Un activiste de Greenpeace déguisé en ours polaire a reçu un accueil glacial de la part des policiers à une station-service Shell d’Édimbourg. Il s’y trouvait pour dénoncer l’exploration pétrolière en Arctique qui, selon l’organisation écologiste, nuira à l’écosystème de la région. Lors de cette action, les activistes avaient l’intention de nuire aux opération d’une douzaine de stations d’Edimbourg en fermant l’interrupteur d’urgence qui contrôle les pompes à essence.

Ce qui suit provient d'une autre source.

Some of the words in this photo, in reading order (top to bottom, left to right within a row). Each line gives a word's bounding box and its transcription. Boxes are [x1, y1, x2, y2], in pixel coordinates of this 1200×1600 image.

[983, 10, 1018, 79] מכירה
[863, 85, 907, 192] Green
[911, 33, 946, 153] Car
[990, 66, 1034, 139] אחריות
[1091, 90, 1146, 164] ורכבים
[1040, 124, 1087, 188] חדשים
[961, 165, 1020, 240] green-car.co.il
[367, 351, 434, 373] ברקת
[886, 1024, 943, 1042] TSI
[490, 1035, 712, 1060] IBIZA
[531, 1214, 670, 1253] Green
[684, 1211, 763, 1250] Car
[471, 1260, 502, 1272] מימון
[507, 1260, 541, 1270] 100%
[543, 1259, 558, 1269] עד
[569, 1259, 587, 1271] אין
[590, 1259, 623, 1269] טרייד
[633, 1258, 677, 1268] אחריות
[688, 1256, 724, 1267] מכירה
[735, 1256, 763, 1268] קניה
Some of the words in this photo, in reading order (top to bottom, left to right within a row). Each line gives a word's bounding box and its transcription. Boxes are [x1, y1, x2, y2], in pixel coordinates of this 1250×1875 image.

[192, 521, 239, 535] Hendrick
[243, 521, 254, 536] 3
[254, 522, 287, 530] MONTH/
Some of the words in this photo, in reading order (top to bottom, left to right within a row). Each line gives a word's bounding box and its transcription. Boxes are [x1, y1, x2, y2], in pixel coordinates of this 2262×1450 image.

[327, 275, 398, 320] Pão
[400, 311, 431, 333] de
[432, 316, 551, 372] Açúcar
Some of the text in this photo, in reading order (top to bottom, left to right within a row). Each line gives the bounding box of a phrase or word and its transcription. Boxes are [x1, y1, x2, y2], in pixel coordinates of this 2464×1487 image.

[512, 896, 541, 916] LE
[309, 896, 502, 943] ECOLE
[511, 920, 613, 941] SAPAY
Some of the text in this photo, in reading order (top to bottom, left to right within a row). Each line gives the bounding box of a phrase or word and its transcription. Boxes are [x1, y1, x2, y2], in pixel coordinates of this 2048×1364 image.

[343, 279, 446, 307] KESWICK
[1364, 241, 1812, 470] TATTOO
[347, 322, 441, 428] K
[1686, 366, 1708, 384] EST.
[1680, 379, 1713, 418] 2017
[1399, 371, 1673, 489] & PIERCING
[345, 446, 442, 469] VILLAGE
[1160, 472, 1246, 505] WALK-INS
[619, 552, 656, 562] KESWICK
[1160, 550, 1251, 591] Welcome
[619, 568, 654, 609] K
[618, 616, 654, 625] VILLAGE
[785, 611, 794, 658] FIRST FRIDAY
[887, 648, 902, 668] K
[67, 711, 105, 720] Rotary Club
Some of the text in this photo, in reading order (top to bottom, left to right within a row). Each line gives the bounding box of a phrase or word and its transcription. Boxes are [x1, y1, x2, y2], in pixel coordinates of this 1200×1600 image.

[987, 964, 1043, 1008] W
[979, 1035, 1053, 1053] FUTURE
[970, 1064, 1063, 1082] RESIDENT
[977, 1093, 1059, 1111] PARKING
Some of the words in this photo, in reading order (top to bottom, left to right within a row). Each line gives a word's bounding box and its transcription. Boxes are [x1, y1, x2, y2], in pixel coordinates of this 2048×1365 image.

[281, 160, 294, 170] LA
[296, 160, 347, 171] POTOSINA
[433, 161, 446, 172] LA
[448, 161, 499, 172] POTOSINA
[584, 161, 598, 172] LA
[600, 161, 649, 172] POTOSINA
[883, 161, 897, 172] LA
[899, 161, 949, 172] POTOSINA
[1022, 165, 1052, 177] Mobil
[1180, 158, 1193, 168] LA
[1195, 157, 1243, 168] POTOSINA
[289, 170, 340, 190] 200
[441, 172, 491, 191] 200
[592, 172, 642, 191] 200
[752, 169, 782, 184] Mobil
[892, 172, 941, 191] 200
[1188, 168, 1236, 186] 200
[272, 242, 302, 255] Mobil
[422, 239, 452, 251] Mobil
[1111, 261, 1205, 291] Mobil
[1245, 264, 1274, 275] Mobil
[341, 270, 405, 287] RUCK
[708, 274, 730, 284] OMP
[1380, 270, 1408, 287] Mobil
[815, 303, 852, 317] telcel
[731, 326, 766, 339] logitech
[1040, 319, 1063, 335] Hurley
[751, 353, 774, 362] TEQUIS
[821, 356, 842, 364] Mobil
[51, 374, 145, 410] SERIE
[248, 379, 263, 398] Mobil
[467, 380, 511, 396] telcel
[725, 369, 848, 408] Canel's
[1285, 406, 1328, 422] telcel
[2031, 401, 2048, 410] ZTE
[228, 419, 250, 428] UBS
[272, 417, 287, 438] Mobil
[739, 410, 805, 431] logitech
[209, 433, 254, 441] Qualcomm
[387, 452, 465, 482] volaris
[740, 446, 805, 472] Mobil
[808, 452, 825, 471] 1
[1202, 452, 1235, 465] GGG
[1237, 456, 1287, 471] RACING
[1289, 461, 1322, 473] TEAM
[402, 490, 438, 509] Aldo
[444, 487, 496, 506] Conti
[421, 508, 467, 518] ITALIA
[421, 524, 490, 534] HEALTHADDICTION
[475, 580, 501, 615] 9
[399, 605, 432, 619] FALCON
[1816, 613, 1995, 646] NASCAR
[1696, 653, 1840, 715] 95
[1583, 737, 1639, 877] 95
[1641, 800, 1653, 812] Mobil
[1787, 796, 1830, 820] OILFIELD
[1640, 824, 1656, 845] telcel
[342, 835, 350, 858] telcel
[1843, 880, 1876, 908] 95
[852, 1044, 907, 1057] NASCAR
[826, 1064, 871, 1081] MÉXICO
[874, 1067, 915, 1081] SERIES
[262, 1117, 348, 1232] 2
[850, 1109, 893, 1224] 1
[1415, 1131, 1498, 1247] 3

Déjà 850 000 signatures ont été amassées par Greenpeace pour la pétition de leur campagne pour sauver l’Arctique.
Greenpeace contre Shell
«Un oléoduc en Arctique serait catastrophique pour la faune, notamment pour les phoques et les baleines. L’Arctique devrait être sauvé et devenir un sanctuaire où l’exploitation pétrolière serait interdite.» – Sara Ayech, activiste pour Greenpeace
«Shell reconnaît que certaines organisations sont opposées à son programme d’exploration en Alaska et nous respectons leur droit en tant qu’individus et en tant qu’organisations.» – Porte-parole de la pétrolière Shell
La chasse au pétrole
- Shell est sur le point de commencer à forer le sol de l’Alaska dans les prochaines semaines. Le géant pétrolier russe Gazprom prévoit aussi explorer l’Arctique cette année à la recherche de pétrole.
- Selon le US Geological Surveys, l’Arctique contiendrait 13% des réserves non découvertes de pétrole et 30% des réserves de gaz naturel.